# DATA EXTRACT
==============================
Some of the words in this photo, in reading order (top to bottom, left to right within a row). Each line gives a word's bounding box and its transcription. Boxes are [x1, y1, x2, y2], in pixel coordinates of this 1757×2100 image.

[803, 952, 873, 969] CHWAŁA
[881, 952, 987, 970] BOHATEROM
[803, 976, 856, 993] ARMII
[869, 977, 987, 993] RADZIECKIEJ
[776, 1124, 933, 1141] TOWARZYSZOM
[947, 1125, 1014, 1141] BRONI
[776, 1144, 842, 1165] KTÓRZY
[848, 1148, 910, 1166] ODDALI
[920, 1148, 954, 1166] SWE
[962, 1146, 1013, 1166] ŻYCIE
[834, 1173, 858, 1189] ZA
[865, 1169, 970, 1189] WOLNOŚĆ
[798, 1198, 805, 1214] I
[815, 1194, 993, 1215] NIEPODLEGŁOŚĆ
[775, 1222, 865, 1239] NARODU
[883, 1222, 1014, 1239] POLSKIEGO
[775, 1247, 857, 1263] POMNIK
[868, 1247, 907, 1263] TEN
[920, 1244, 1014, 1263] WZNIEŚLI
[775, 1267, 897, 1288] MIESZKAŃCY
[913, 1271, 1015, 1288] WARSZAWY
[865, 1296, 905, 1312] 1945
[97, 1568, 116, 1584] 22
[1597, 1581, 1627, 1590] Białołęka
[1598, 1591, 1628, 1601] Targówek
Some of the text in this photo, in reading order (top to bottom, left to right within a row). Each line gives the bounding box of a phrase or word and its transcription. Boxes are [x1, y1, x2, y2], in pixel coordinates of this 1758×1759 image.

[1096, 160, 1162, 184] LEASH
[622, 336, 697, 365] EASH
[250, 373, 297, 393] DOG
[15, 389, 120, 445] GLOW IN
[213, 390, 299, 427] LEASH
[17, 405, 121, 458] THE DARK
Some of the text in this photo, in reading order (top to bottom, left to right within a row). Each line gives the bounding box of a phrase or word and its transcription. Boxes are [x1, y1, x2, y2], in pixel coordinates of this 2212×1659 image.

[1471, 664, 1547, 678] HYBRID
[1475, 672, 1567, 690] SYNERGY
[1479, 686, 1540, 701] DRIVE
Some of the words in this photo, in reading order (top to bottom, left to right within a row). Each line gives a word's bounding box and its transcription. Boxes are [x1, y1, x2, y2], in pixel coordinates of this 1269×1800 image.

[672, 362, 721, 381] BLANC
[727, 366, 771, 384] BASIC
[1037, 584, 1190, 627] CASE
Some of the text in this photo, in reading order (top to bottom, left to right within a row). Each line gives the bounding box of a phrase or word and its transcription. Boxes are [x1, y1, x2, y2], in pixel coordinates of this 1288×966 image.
==============================
# TASK BRIEF
Repeat the listing in full, keeping every line exactly as it is.

# EXPECTED ANSWER
Some of the words in this photo, in reading order (top to bottom, left to right within a row). Each line gives a word's bounding box and its transcription. Boxes are [x1, y1, x2, y2], in pixel coordinates of this 1757×2100 image.

[803, 952, 873, 969] CHWAŁA
[881, 952, 987, 970] BOHATEROM
[803, 976, 856, 993] ARMII
[869, 977, 987, 993] RADZIECKIEJ
[776, 1124, 933, 1141] TOWARZYSZOM
[947, 1125, 1014, 1141] BRONI
[776, 1144, 842, 1165] KTÓRZY
[848, 1148, 910, 1166] ODDALI
[920, 1148, 954, 1166] SWE
[962, 1146, 1013, 1166] ŻYCIE
[834, 1173, 858, 1189] ZA
[865, 1169, 970, 1189] WOLNOŚĆ
[798, 1198, 805, 1214] I
[815, 1194, 993, 1215] NIEPODLEGŁOŚĆ
[775, 1222, 865, 1239] NARODU
[883, 1222, 1014, 1239] POLSKIEGO
[775, 1247, 857, 1263] POMNIK
[868, 1247, 907, 1263] TEN
[920, 1244, 1014, 1263] WZNIEŚLI
[775, 1267, 897, 1288] MIESZKAŃCY
[913, 1271, 1015, 1288] WARSZAWY
[865, 1296, 905, 1312] 1945
[97, 1568, 116, 1584] 22
[1597, 1581, 1627, 1590] Białołęka
[1598, 1591, 1628, 1601] Targówek
Some of the text in this photo, in reading order (top to bottom, left to right within a row). Each line gives the bounding box of a phrase or word and its transcription. Boxes are [x1, y1, x2, y2], in pixel coordinates of this 1758×1759 image.

[1096, 160, 1162, 184] LEASH
[622, 336, 697, 365] EASH
[250, 373, 297, 393] DOG
[15, 389, 120, 445] GLOW IN
[213, 390, 299, 427] LEASH
[17, 405, 121, 458] THE DARK
Some of the text in this photo, in reading order (top to bottom, left to right within a row). Each line gives the bounding box of a phrase or word and its transcription. Boxes are [x1, y1, x2, y2], in pixel coordinates of this 2212×1659 image.

[1471, 664, 1547, 678] HYBRID
[1475, 672, 1567, 690] SYNERGY
[1479, 686, 1540, 701] DRIVE
Some of the words in this photo, in reading order (top to bottom, left to right within a row). Each line gives a word's bounding box and its transcription. Boxes are [x1, y1, x2, y2], in pixel coordinates of this 1269×1800 image.

[672, 362, 721, 381] BLANC
[727, 366, 771, 384] BASIC
[1037, 584, 1190, 627] CASE
Some of the text in this photo, in reading order (top to bottom, left to right within a row). Each line gives the bounding box of a phrase or word and its transcription. Boxes are [x1, y1, x2, y2], in pixel coordinates of this 1288×966 image.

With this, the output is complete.